Even extreme TSH values were extracted plaque +ve patients had higher TSH values. IMT may decrease with LT4 replacement in subclinical hypothyroidism defined as normal TSH level with normal free T4 and T3 levels [19].
The decrement was observed in patients with no established cardiovascular risk factors under age 55 and accompanied improvement of lipid profile. On the other hand, vascular smooth muscle cells express iodo thyronine deiodinase type II. Effect of TSH may be beyond improvement of the lipid profile. The increase in IMT reaches significant values at TSH levels above 10 mIU/l [20].
Impaired lipid profile increased blood pressure accompanies subclinical hypothyroidism and may be responsible for increased IMT [20].
Vitamin D deficiency is defined as levels below 20 ng/ml though optimal level is over 30-32 ng/ml for many of the physiologic functions [21]. We detected high frequency of vitamin D deficiency. Only 20.5% of the patients were vitamin D competent (>20 ng/ml).
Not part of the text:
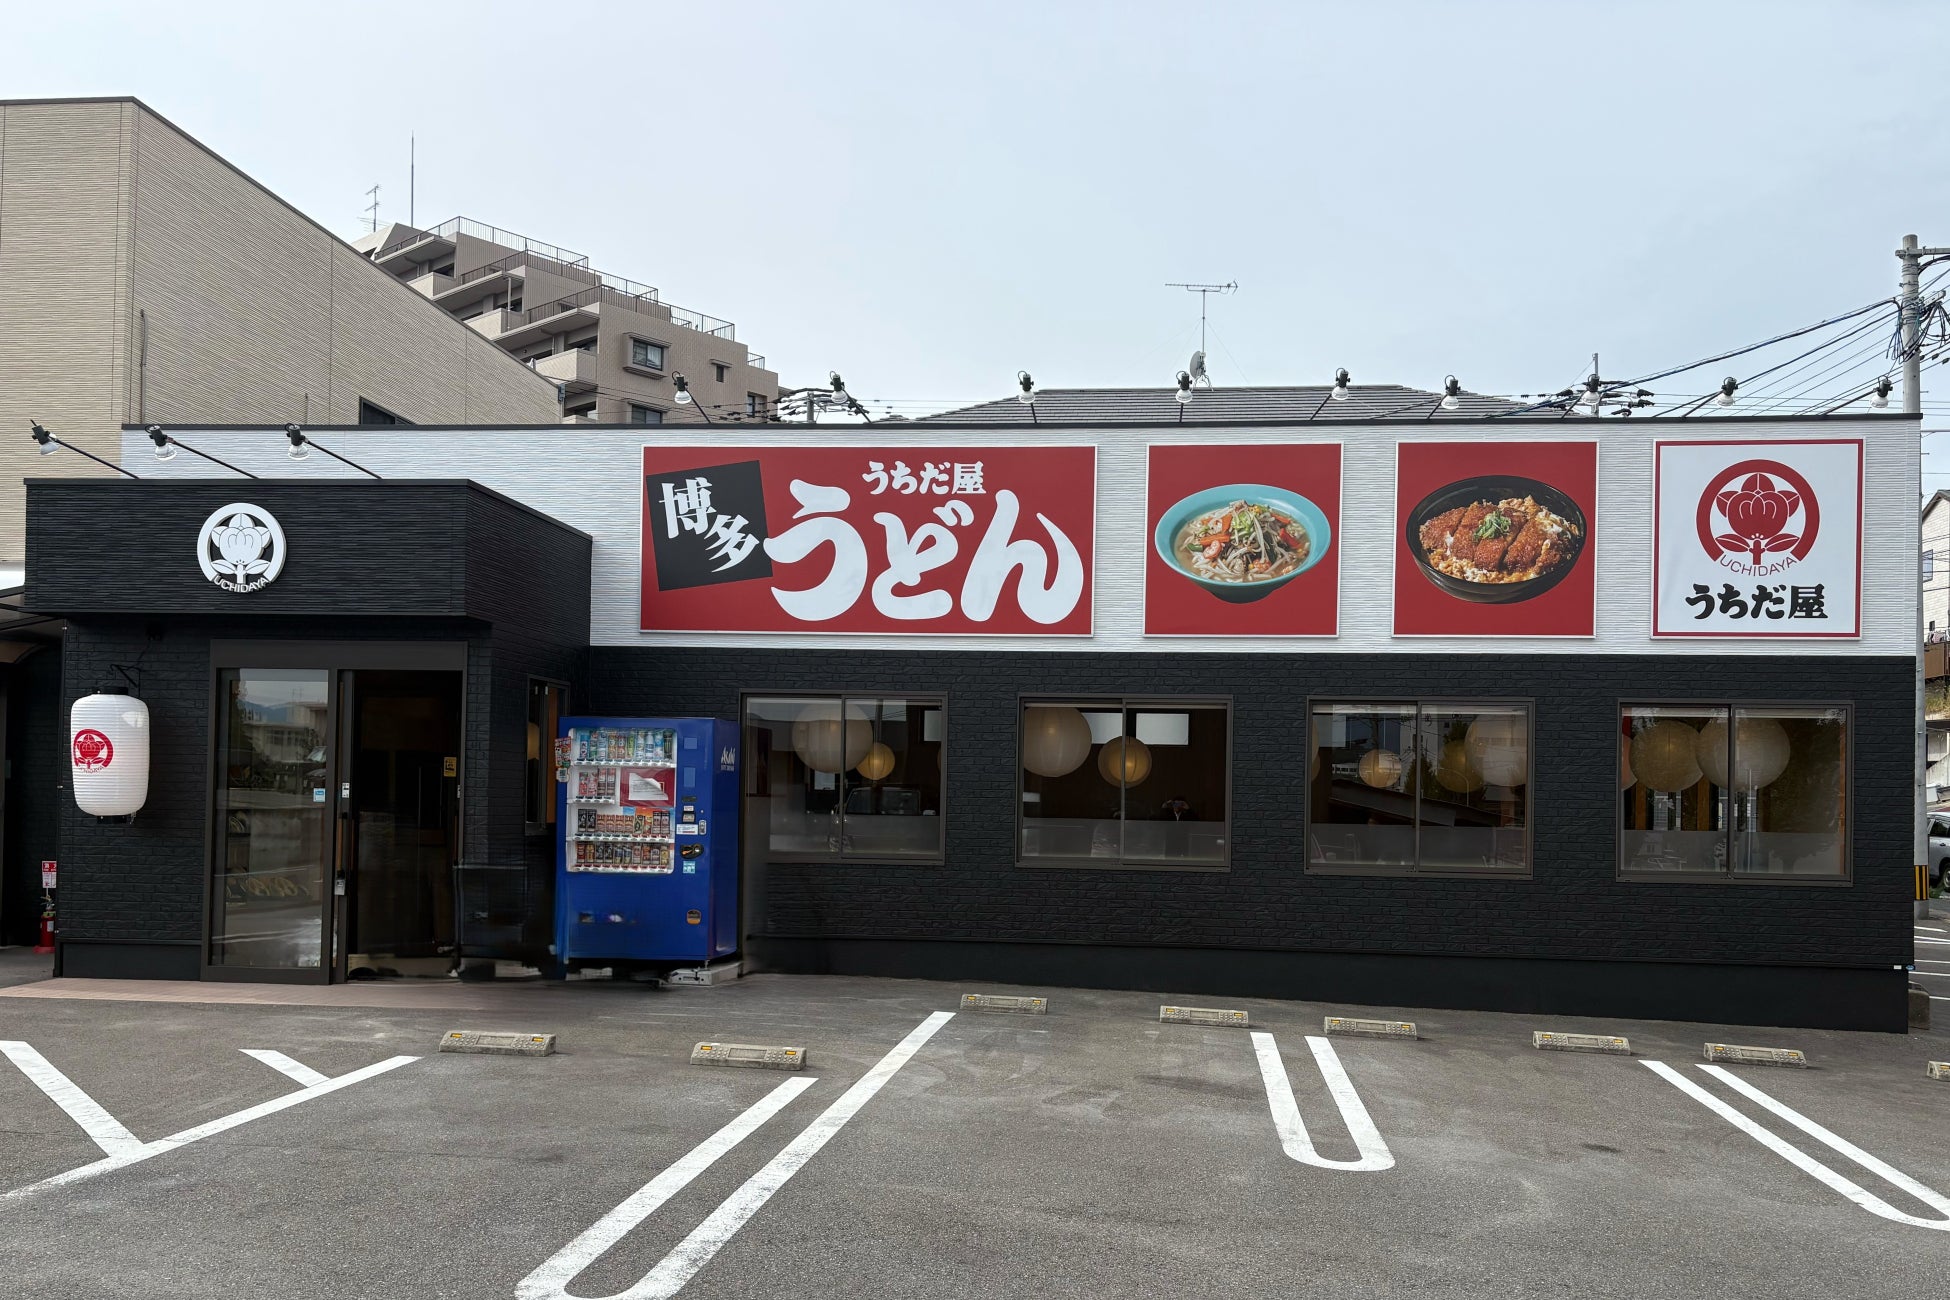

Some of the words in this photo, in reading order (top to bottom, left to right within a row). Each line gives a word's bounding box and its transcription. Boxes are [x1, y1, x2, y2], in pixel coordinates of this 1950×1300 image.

In most of the cohort studies the frequency of vitamin D deficiency is 52-77% when the cut off level is 30 ng/ml [10]. The prevalence of vitamin D deficiency is about 44-60% in Turkey (Vitamin D status and bone mineral density of veiled and unveiled Turkish women [22-24].
In a study done in 254 patients in South part of Turkey showing low socioeconomic status, the frequency of vitamin d deficiency was 94% when 20 ng/ml was taken as cut off level (unpublished data, poster presentation in Turkish Endocrinology and Metabolic Diseases Congress, 2010, Antalya). Also a large scale (n=9560) study evaluating vitamin D status in Turkey, high prevalence (93%) of vitamin D deficiency (<20 ng/ml) was compatible with our results [25].
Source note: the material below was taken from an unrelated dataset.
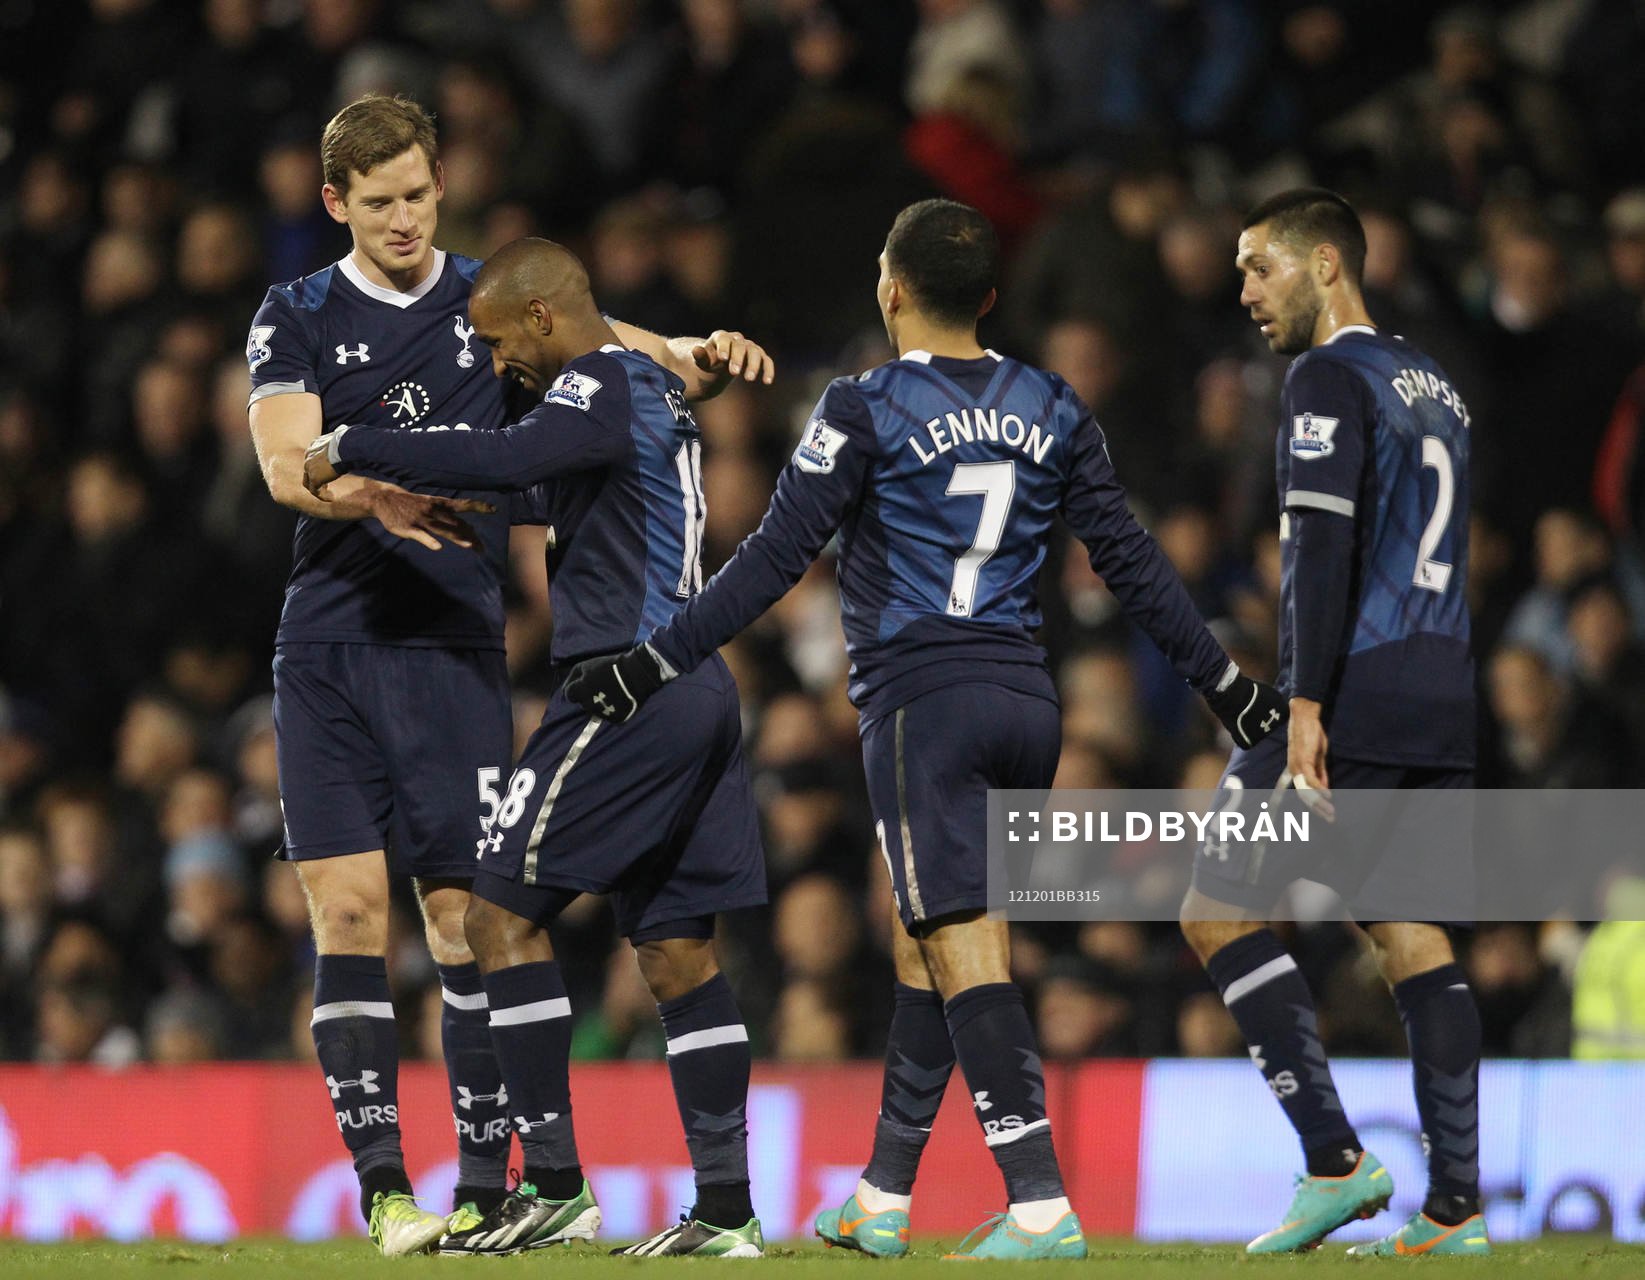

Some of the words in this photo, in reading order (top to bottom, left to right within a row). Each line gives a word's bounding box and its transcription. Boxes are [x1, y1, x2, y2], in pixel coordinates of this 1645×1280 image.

[908, 408, 1055, 466] LENNON
[944, 459, 1015, 617] 7
[1411, 435, 1454, 593] 2
[499, 767, 536, 829] 8
Mean BMI was over 30 kg/m2 in plaque +ve and –ve groups. Vit D competent patients had lower BMI compared to Vitamin D deficient ones (p=0.028). Published data indicate vitamin D is lower in obese patients. It is suggested that lipid soluble vitamin D is deposited in adipose tissue. The reason of low vitamin D levels in obese patients may be beyond this simple explanation. Gap junctional communications between osteoblastic progenitors may cause mesenchymal switch to adipogenesis [26]. Animal studies show vitamin D inhibits adipogenesis and induces osteoblastogenesis [26].
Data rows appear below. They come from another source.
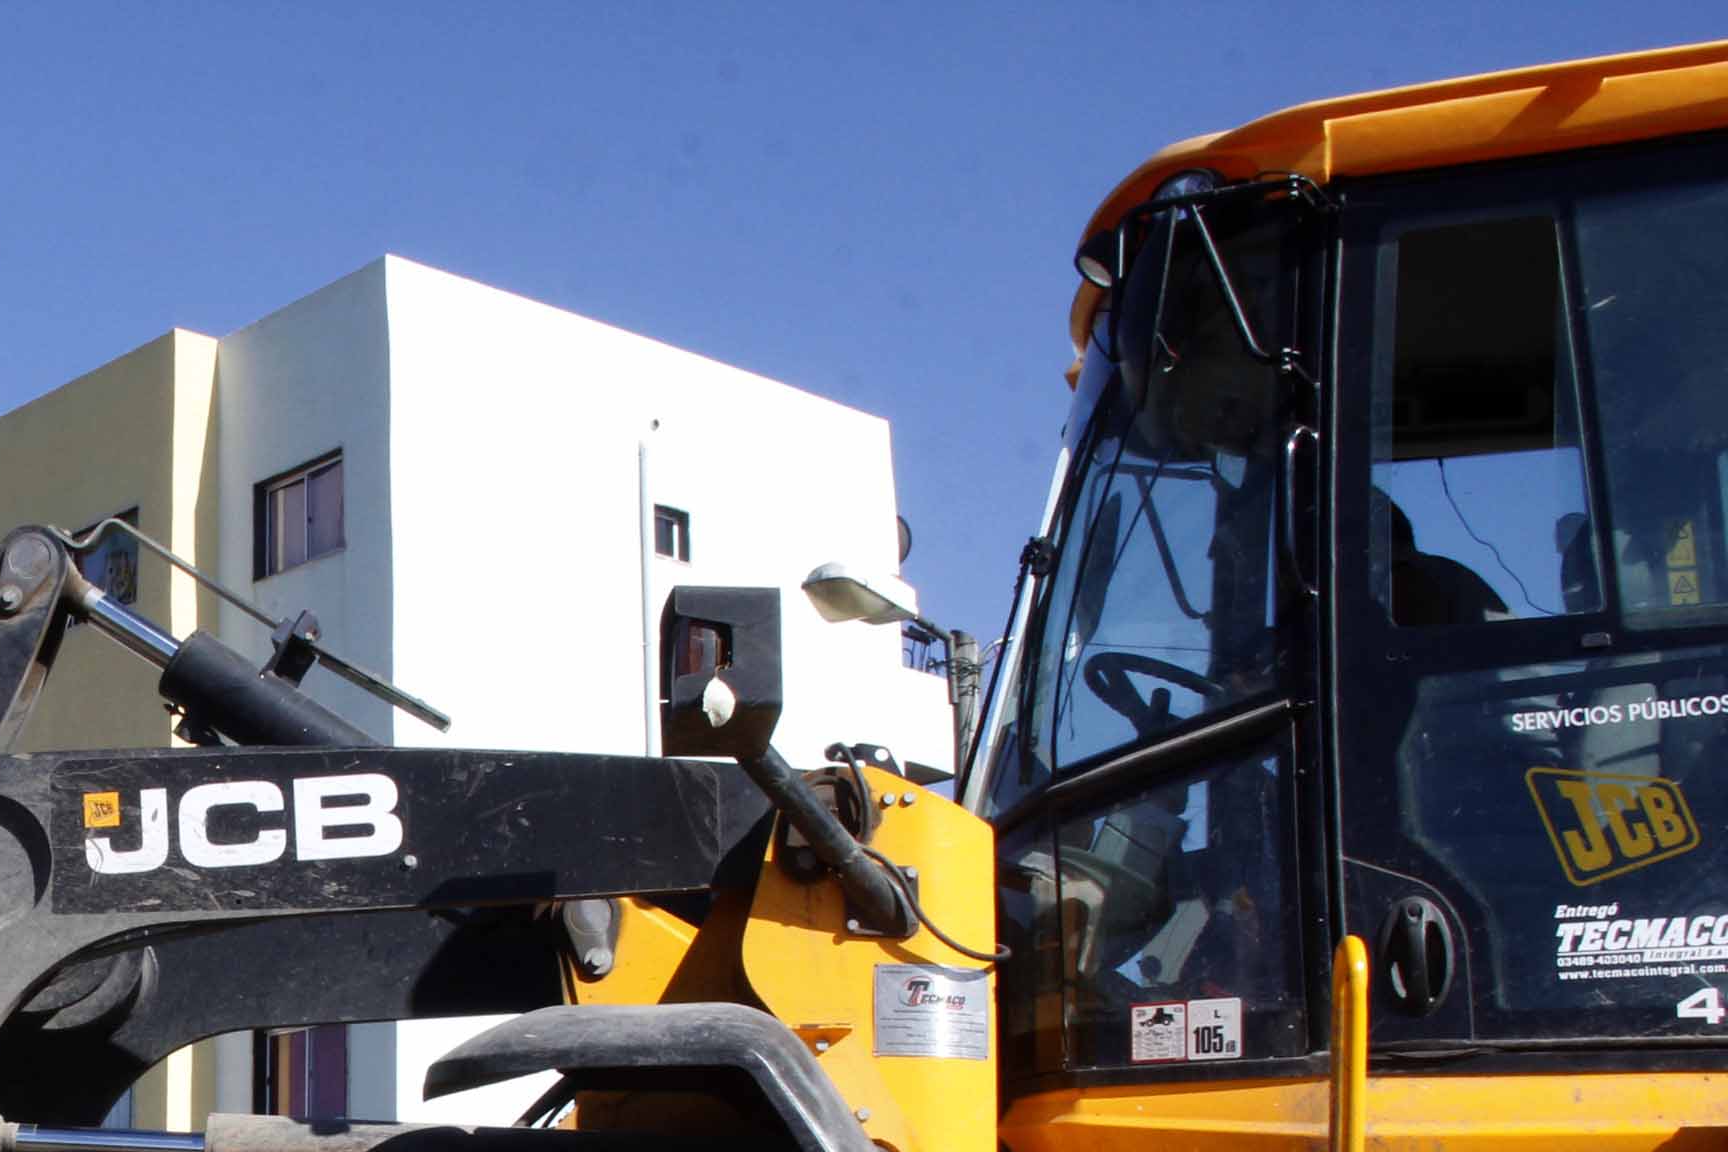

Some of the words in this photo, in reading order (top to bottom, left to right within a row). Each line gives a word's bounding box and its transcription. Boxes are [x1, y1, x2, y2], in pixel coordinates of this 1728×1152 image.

[1511, 704, 1623, 733] SERVICIOS
[1628, 694, 1728, 722] PÚBLICOS
[84, 773, 403, 875] JCB
[1555, 779, 1688, 873] JCB
[1554, 902, 1619, 919] Entregó
[1556, 914, 1728, 953] TECMACO
[1193, 1025, 1224, 1055] 105
In the literature both high and low levels of 25 OH vitamin D are associated with coronary artery disease [6]. Vitamin D may suppress vascular smooth muscle cell proliferation by inhibiting cyclin-dependent kinase-2 activity [6]. High vitamin D level is blamed for arterial calcification. We did not find any relation neither between vitamin D level and IMT nor between vitamin D and plaque formation in hypertensive subjects. The lack of significance may be due to high prevalence of vitamin D deficiency. In a paper published from Turkey, no relation was detected between vitamin D level and plaque type or IMT in hypertensive patients. But vitamin D levels were much higher than ours [27]. In another study an inverse relation was found between vitamin D level and IMT in hypertensive subjects. The modest but significant effect of vitamin D on systolic blood pressure was mediated by increased intima media thickness and endothelial dysfunction [28].
In conclusion we suggest that increased IMT and plaque formation may differ regarding pathogenesis. Only age and decreased MDRD are common risk factors for both increased IMT and plaque formation. While duration of hypertensive injury and smoking facilitates plaque formation, impaired glucose metabolism adversely affects IMT. Serum vitamin D levels do not appear to play a role in subclinical atherosclerosis.